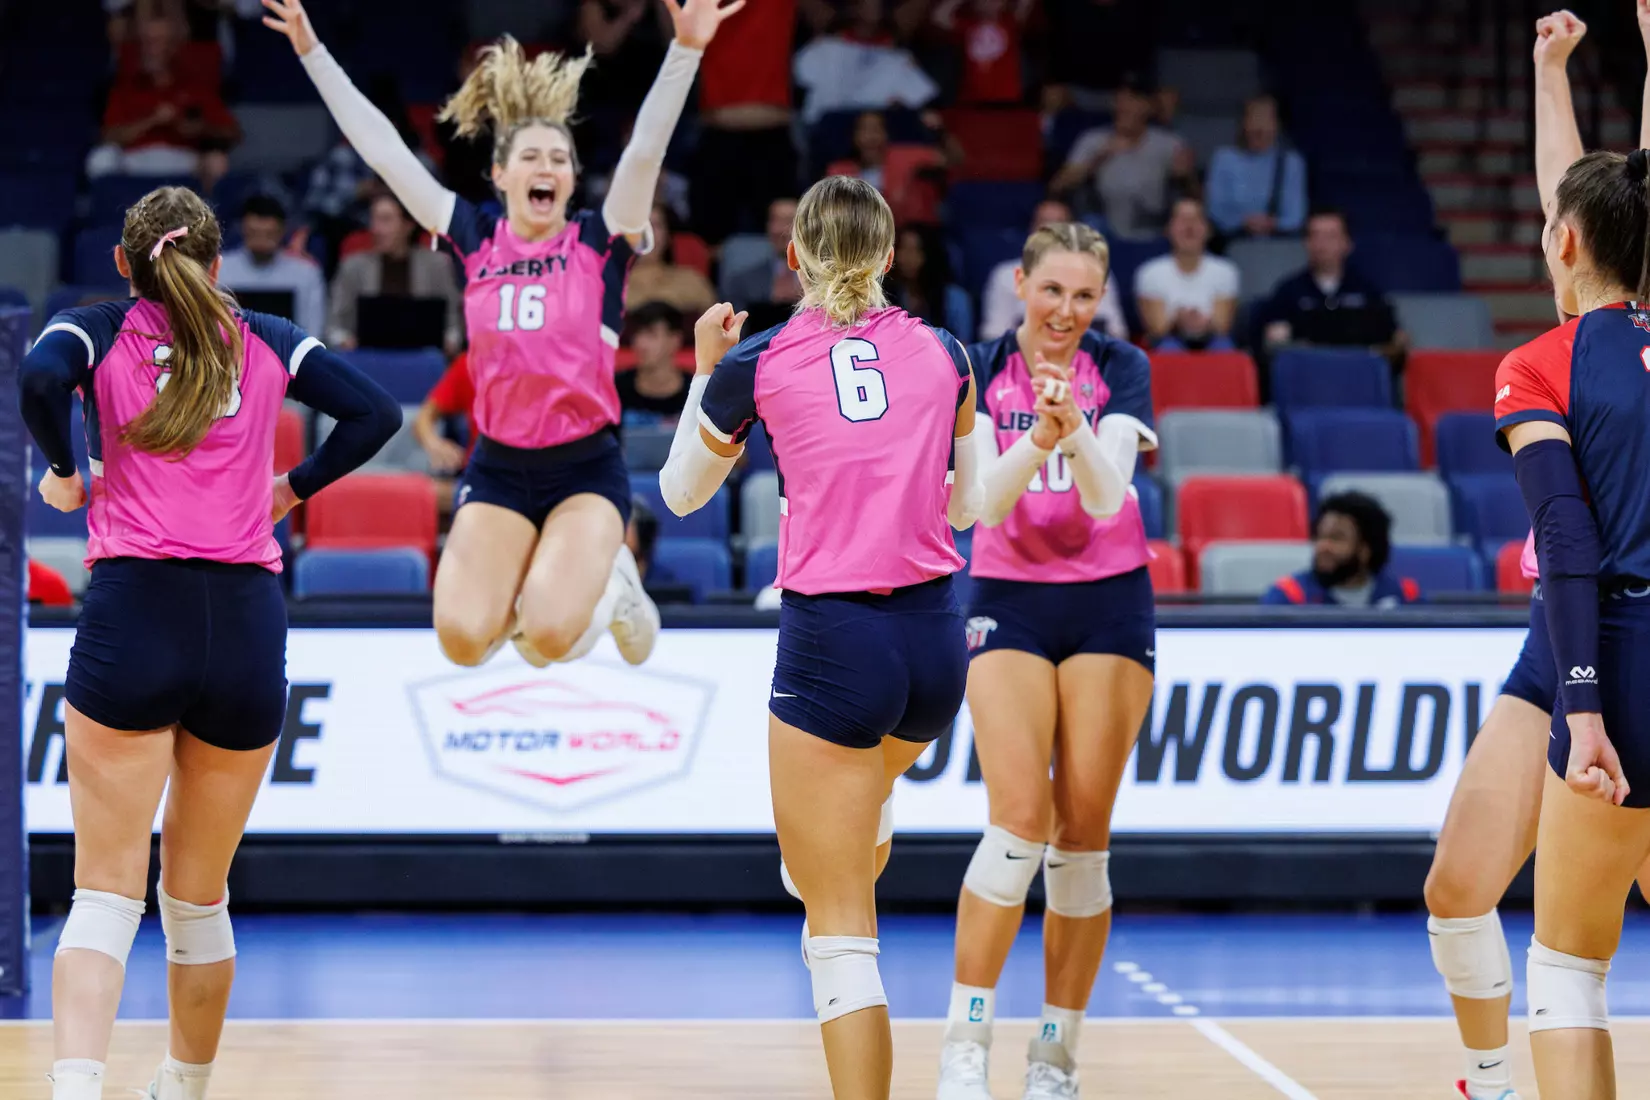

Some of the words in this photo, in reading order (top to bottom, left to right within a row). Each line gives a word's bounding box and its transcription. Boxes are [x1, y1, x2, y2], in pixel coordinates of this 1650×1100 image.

[478, 255, 567, 279] ERTY
[497, 282, 547, 332] 16
[829, 337, 889, 423] 6
[997, 408, 1098, 431] LIBY
[442, 729, 560, 751] MOTOR
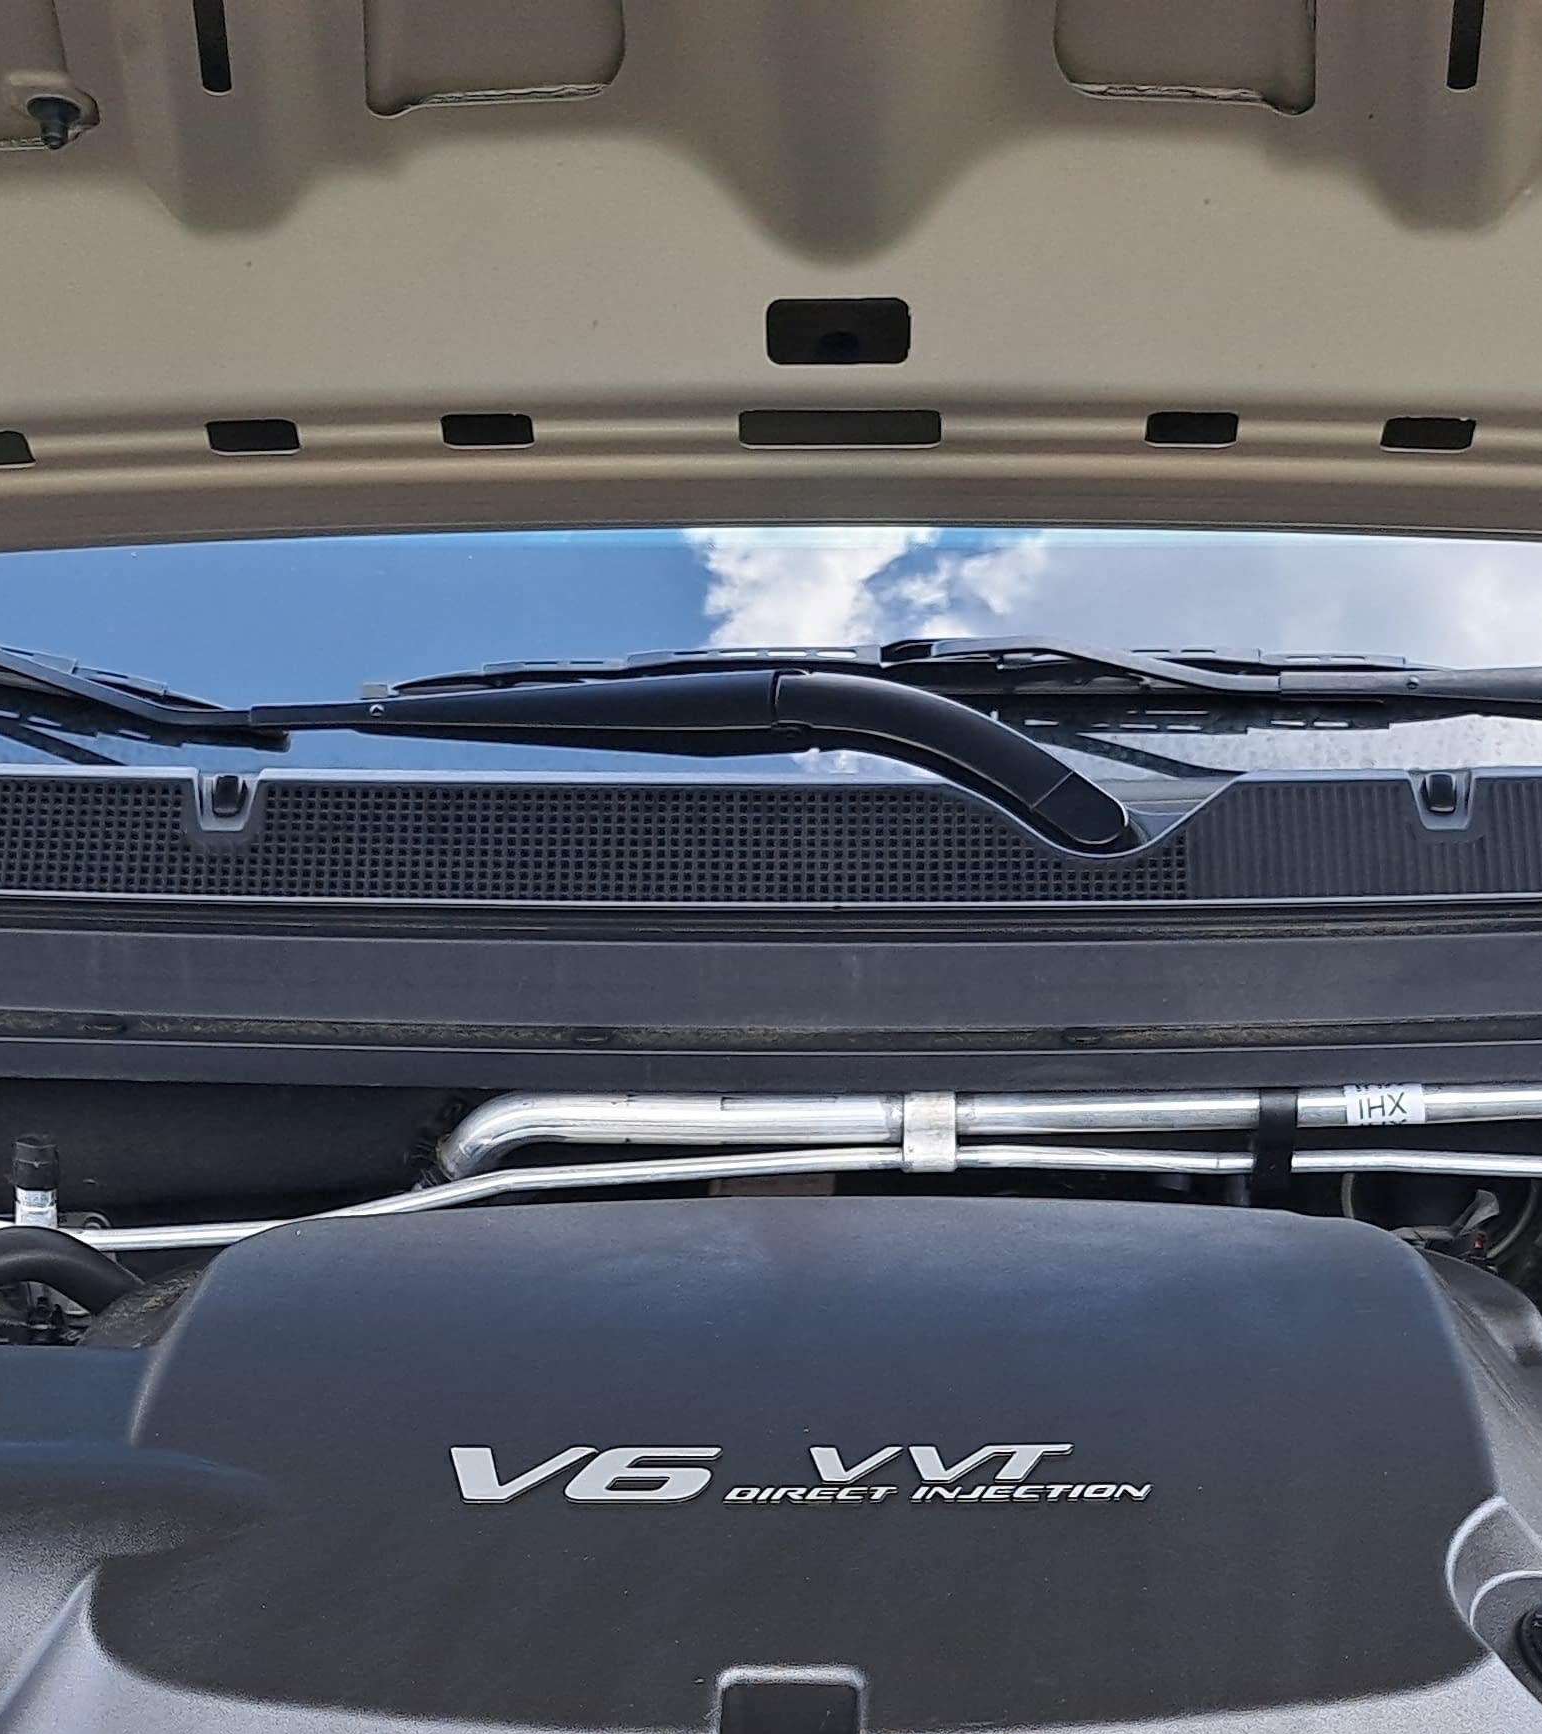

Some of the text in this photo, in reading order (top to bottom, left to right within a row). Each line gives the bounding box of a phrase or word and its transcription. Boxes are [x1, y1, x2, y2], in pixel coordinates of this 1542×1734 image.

[1358, 1091, 1408, 1120] IHX
[450, 1443, 724, 1504] V6
[808, 1442, 1075, 1484] VVT
[723, 1483, 1154, 1506] DIRECT INJECTION
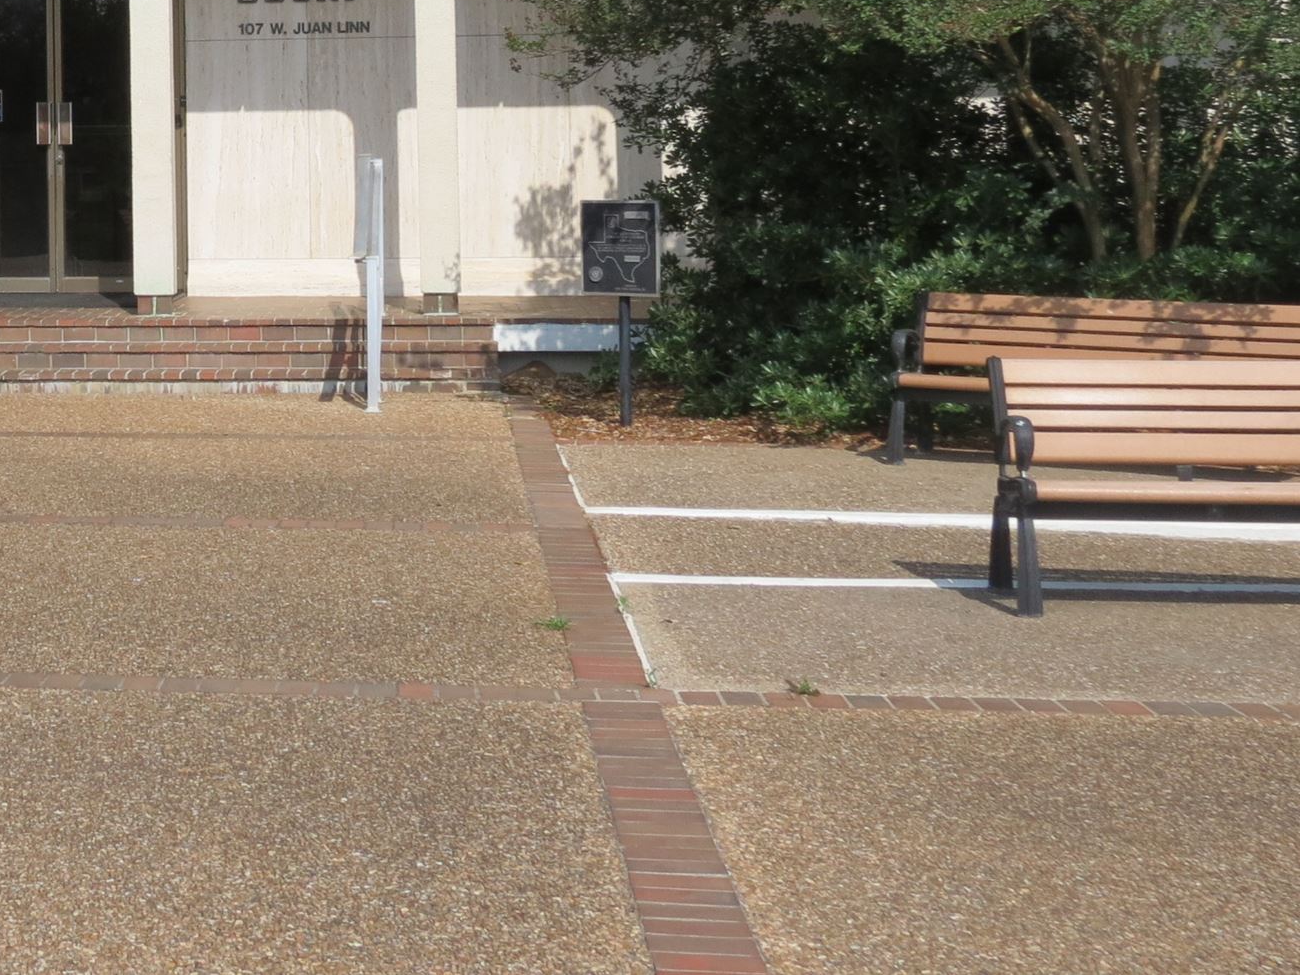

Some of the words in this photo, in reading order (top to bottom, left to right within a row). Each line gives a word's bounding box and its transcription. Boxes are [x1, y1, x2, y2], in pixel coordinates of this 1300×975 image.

[238, 22, 264, 35] 107
[270, 22, 288, 35] W.
[293, 22, 332, 34] JUAN
[337, 21, 371, 34] LINN
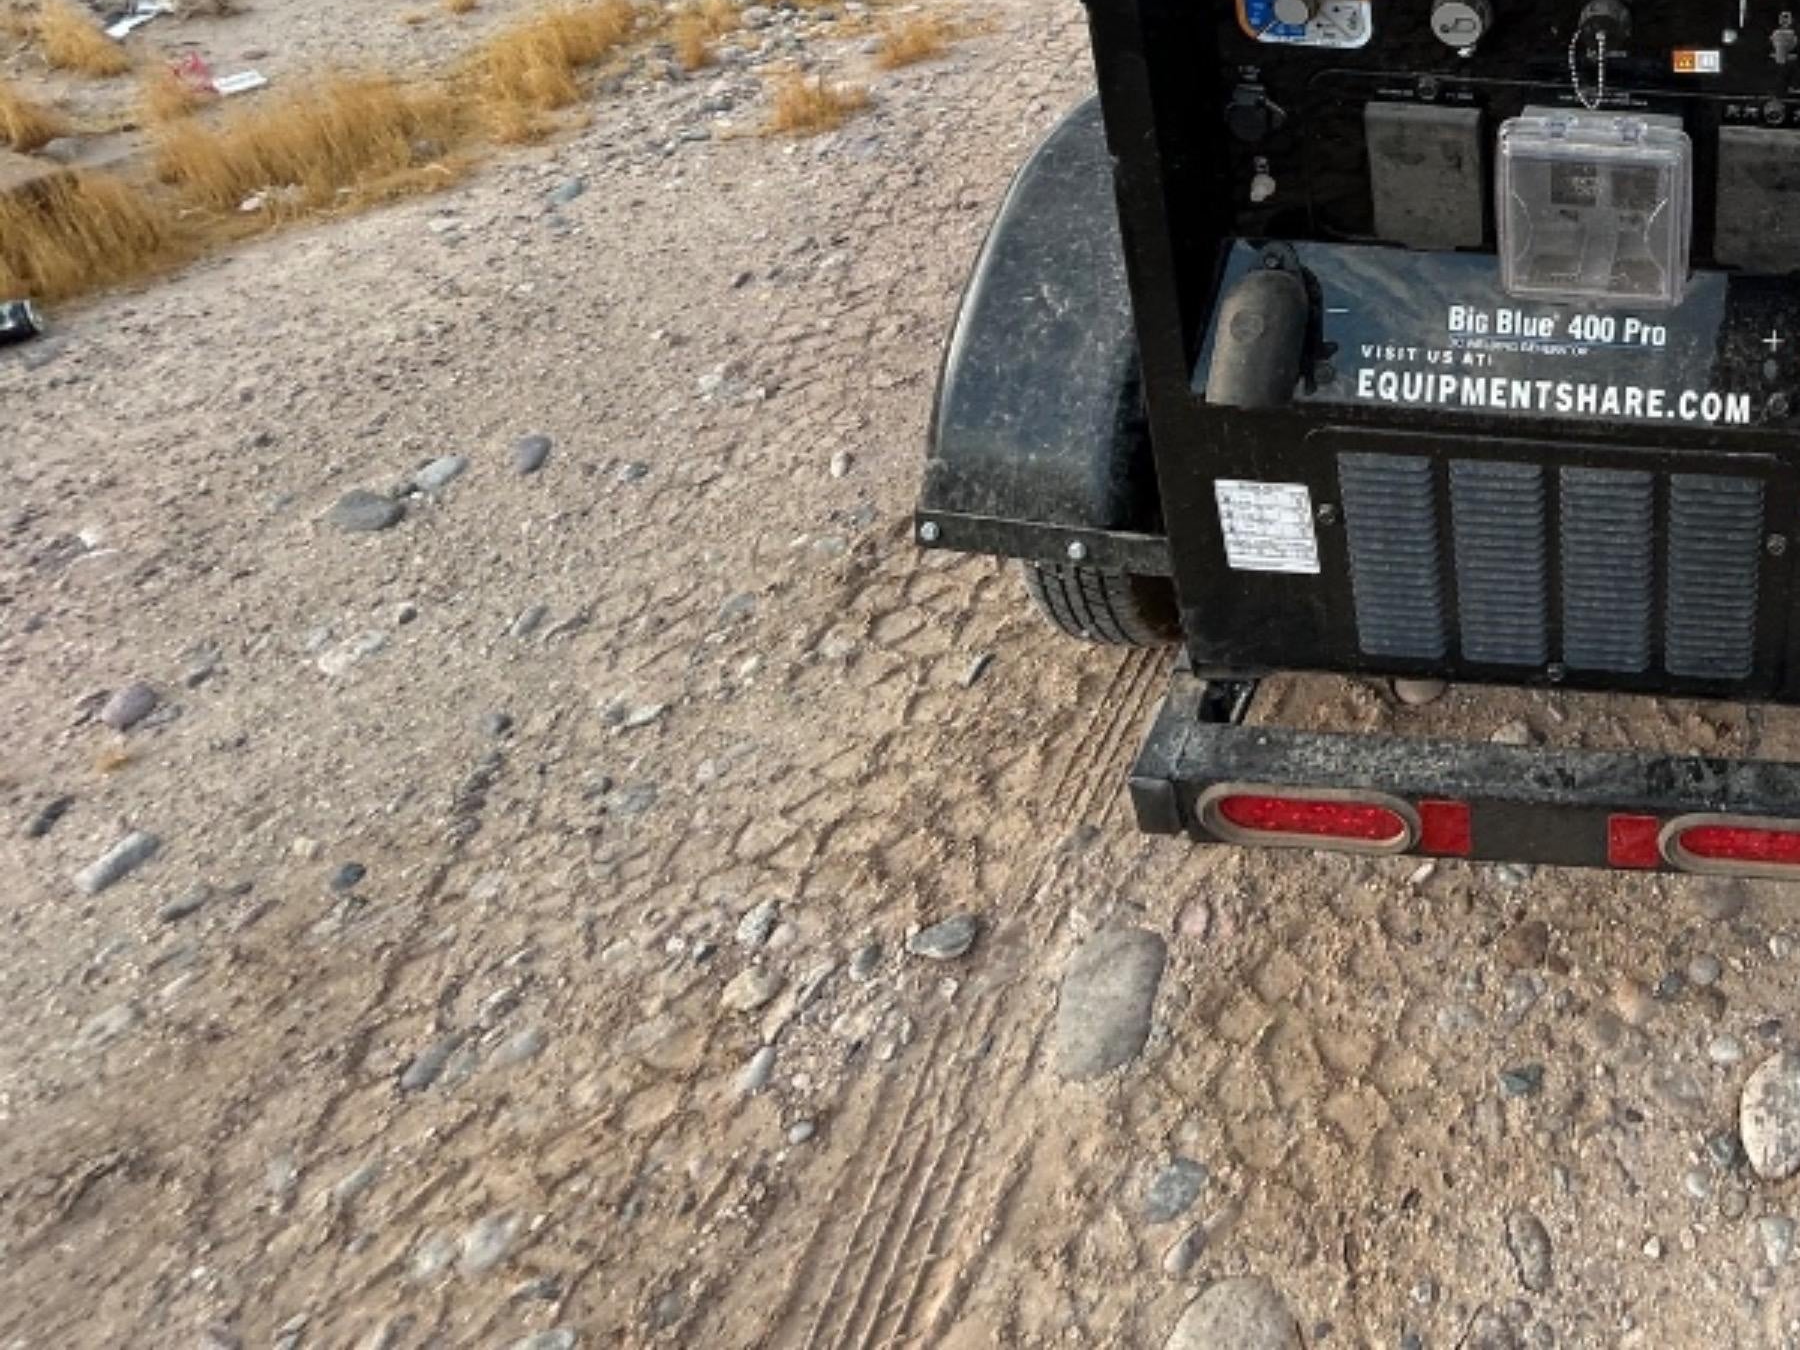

# DIRECTIONS FOR THIS TASK:
The images are to be left out; every line above should be set down exactly.

# PROBLEM SOLUTION:
Some of the words in this photo, in reading order (top to bottom, left to right within a row). Each line gives a word's bounding box and its transcription. Boxes are [x1, y1, x2, y2], in pixel coordinates of this 1650×1100 image.

[478, 255, 567, 279] ERTY
[497, 282, 547, 332] 16
[829, 337, 889, 423] 6
[997, 408, 1098, 431] LIBY
[442, 729, 560, 751] MOTOR

Some of the text in this photo, in reading order (top to bottom, left to right within a row). Each line gives the bounding box of a phrase or word and its transcription. Boxes are [x1, y1, x2, y2], in pixel coordinates of this 1542×1734 image.

[1358, 1091, 1408, 1120] IHX
[450, 1443, 724, 1504] V6
[808, 1442, 1075, 1484] VVT
[723, 1483, 1154, 1506] DIRECT INJECTION

Some of the words in this photo, in reading order (top to bottom, left to right within a row). Each line gives a word's bounding box and its transcription. Boxes are [x1, y1, x2, y2], in pixel coordinates of this 1300×975 image.

[238, 22, 264, 35] 107
[270, 22, 288, 35] W.
[293, 22, 332, 34] JUAN
[337, 21, 371, 34] LINN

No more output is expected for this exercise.